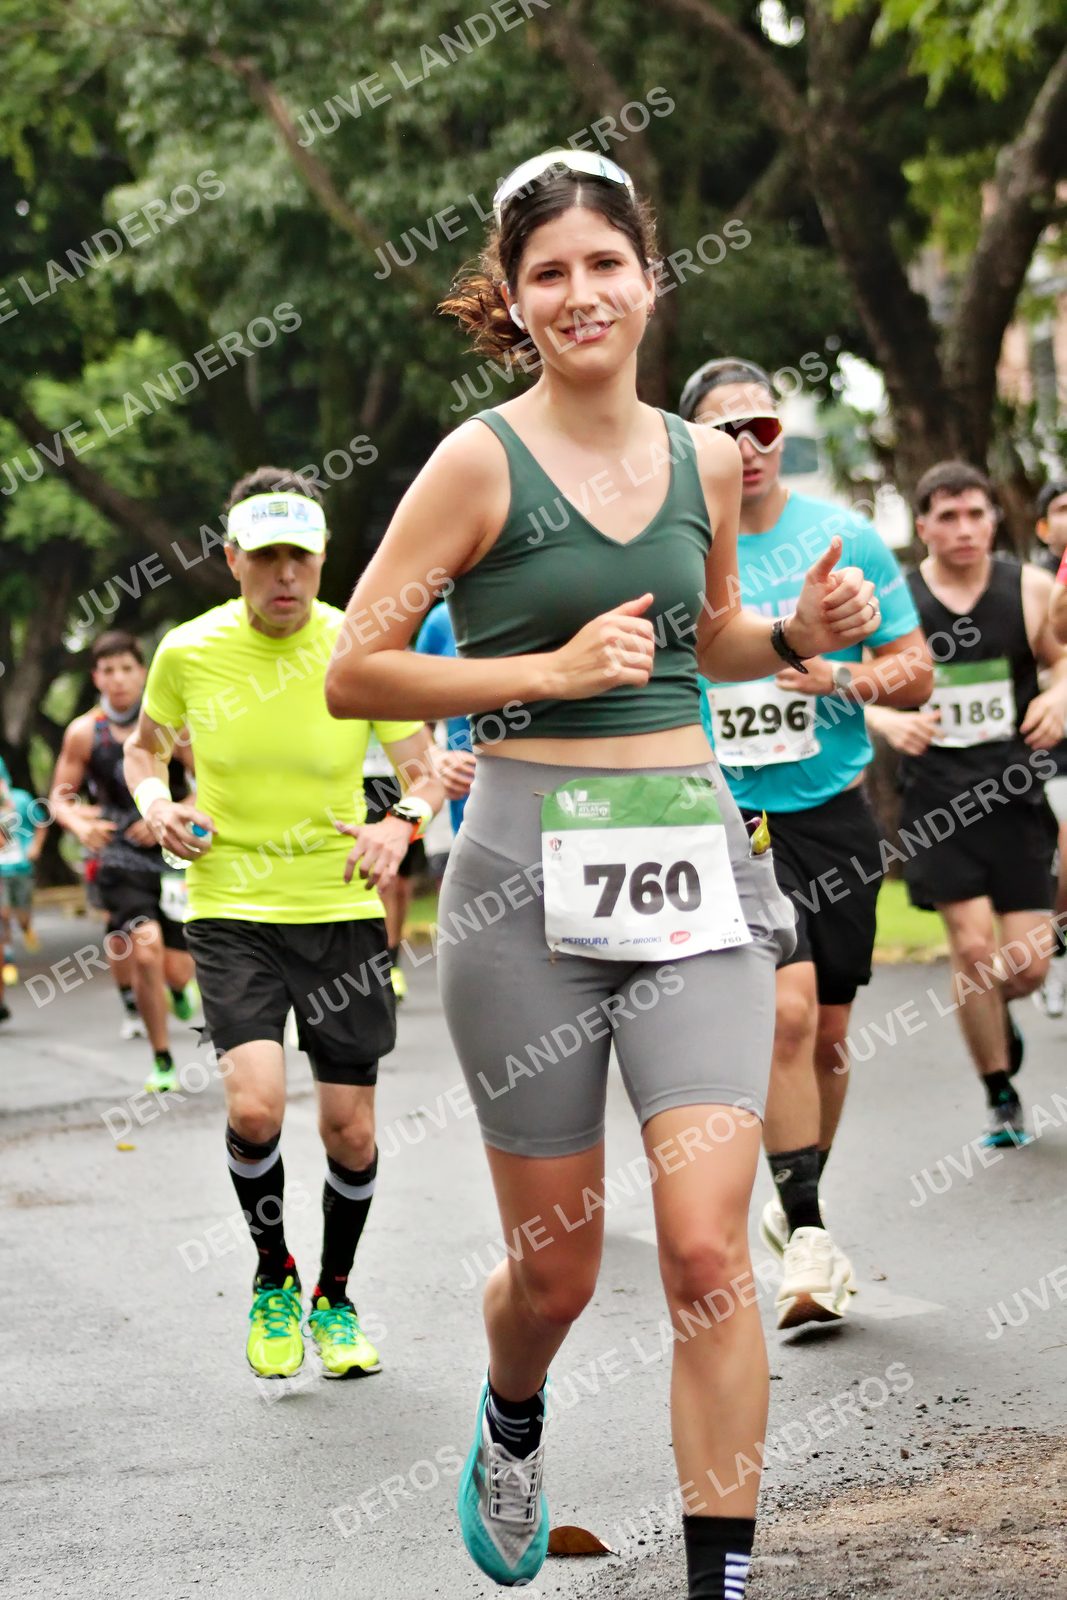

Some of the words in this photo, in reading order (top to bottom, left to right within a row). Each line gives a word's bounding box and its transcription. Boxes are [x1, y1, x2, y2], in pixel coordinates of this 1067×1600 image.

[717, 700, 810, 740] 3296
[583, 860, 702, 918] 760
[561, 936, 610, 946] PERDURA
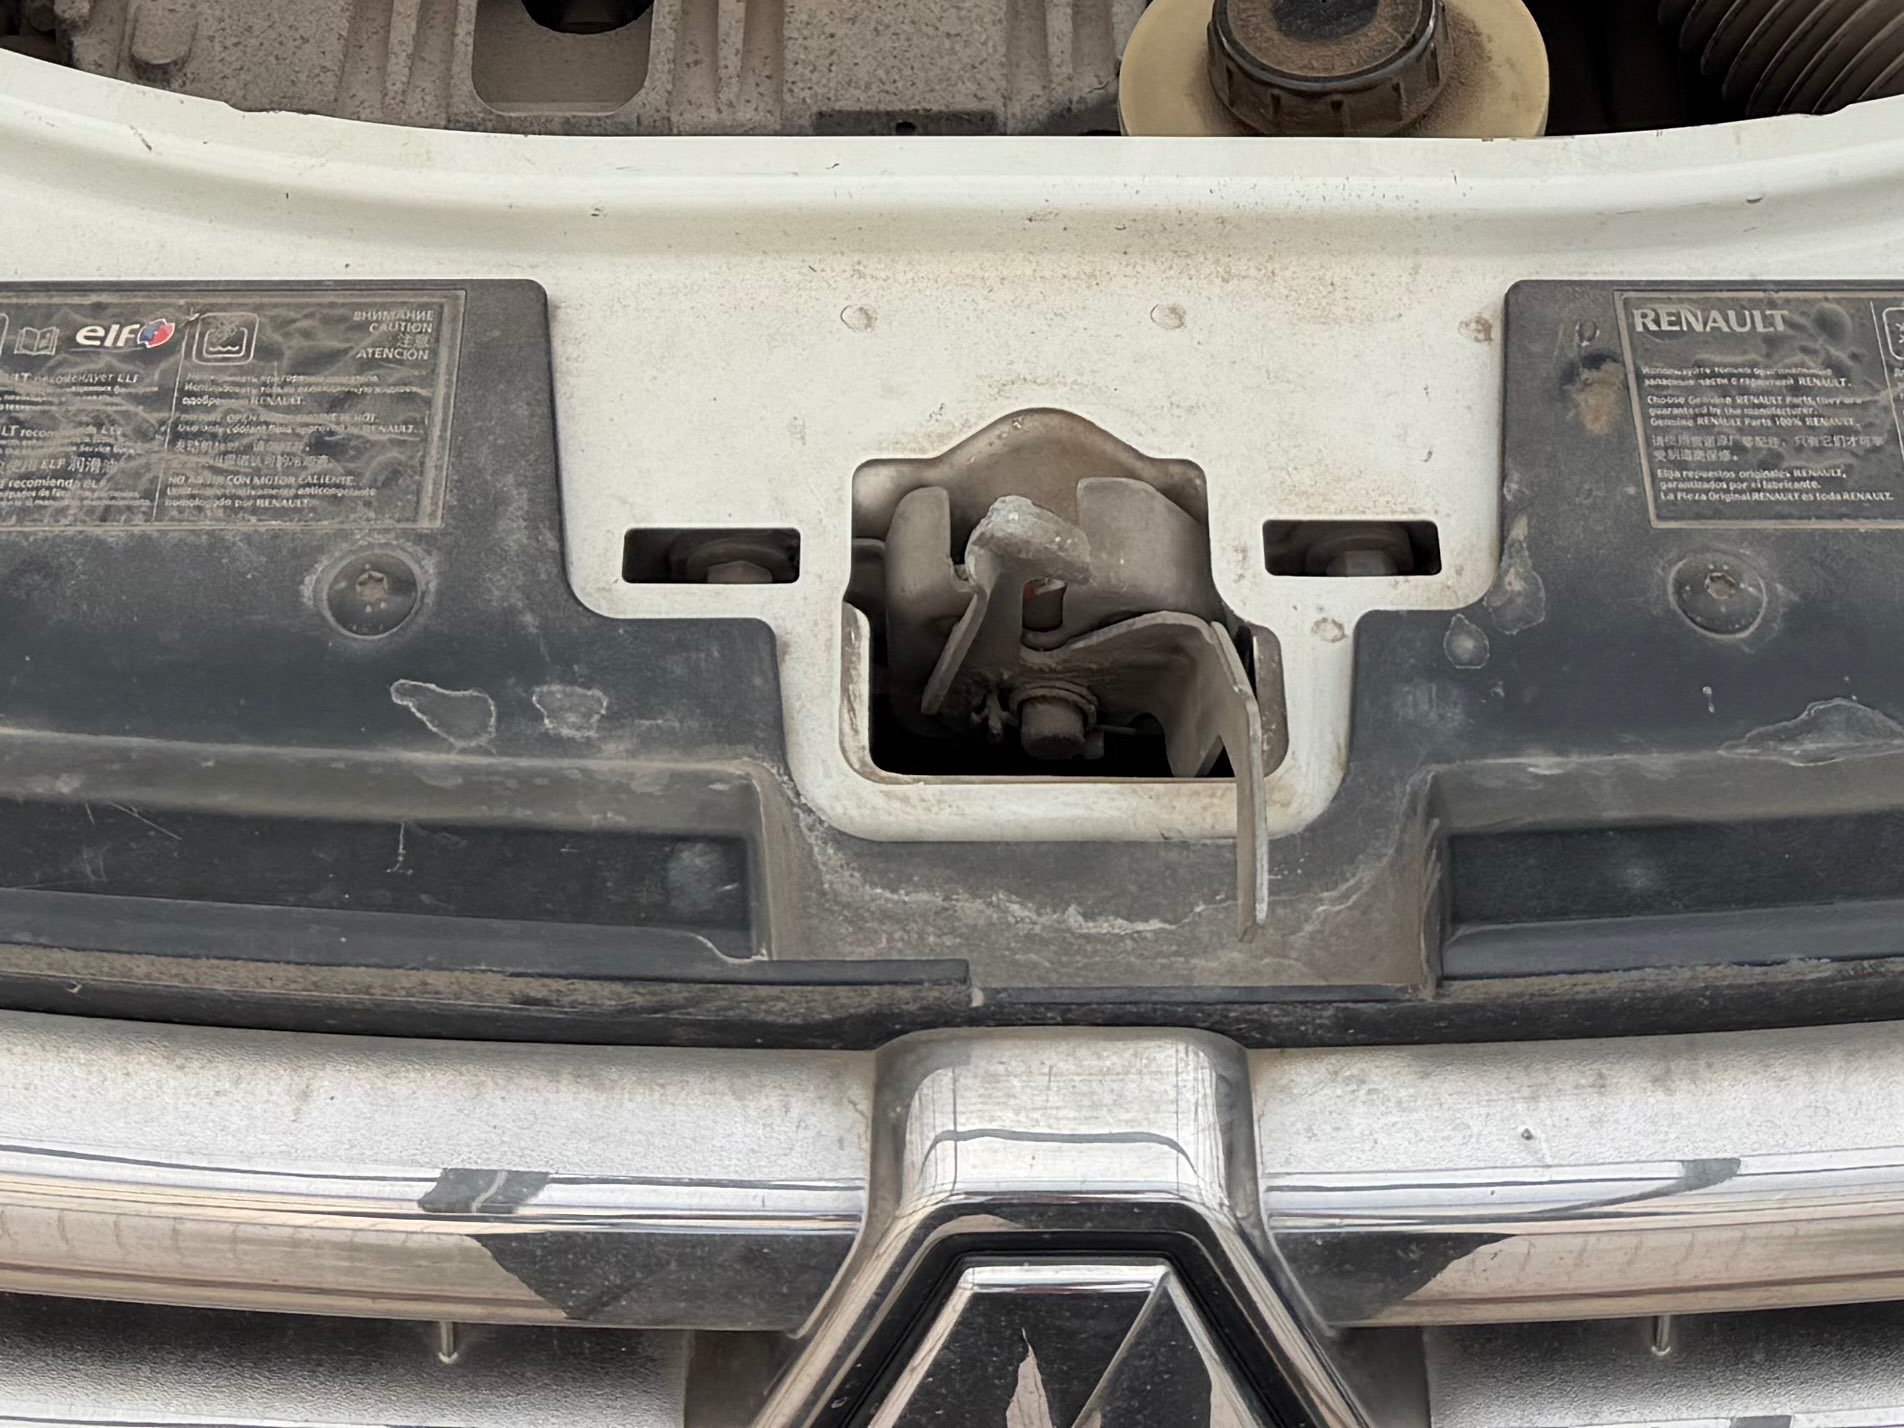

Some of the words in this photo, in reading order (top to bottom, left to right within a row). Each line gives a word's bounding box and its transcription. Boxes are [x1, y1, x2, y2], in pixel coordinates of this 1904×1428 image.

▶ _Requirement_:
No image belongs in the copy. Transcribe the full listing verbatim.

▶ _Task result_:
Some of the words in this photo, in reading order (top to bottom, left to right within a row). Each line gives a word's bounding box and its transcription. Boxes are [x1, y1, x2, y2], in pixel coordinates of this 1067×1600 image.

[717, 700, 810, 740] 3296
[583, 860, 702, 918] 760
[561, 936, 610, 946] PERDURA

Some of the words in this photo, in reading order (top to bottom, left to right within a row). Each line gives a word's bounding box and its transcription. Boxes are [x1, y1, x2, y2], in pixel coordinates of this 1904×1428 image.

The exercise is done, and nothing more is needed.